■ WORK INSTRUCTIONS ■
Each entry must be output once more without any change.

**** DATASET RECORDS ****

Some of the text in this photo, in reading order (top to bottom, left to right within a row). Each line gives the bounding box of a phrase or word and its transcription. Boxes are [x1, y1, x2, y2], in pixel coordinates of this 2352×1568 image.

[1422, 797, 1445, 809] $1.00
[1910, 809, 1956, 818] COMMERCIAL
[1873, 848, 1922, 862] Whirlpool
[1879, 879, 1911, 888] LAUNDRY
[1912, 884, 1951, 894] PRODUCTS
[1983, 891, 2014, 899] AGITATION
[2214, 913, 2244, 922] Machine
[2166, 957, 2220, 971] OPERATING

****

■ YOUR RESPONSE ■
Some of the text in this photo, in reading order (top to bottom, left to right within a row). Each line gives the bounding box of a phrase or word and its transcription. Boxes are [x1, y1, x2, y2], in pixel coordinates of this 2352×1568 image.

[1422, 797, 1445, 809] $1.00
[1910, 809, 1956, 818] COMMERCIAL
[1873, 848, 1922, 862] Whirlpool
[1879, 879, 1911, 888] LAUNDRY
[1912, 884, 1951, 894] PRODUCTS
[1983, 891, 2014, 899] AGITATION
[2214, 913, 2244, 922] Machine
[2166, 957, 2220, 971] OPERATING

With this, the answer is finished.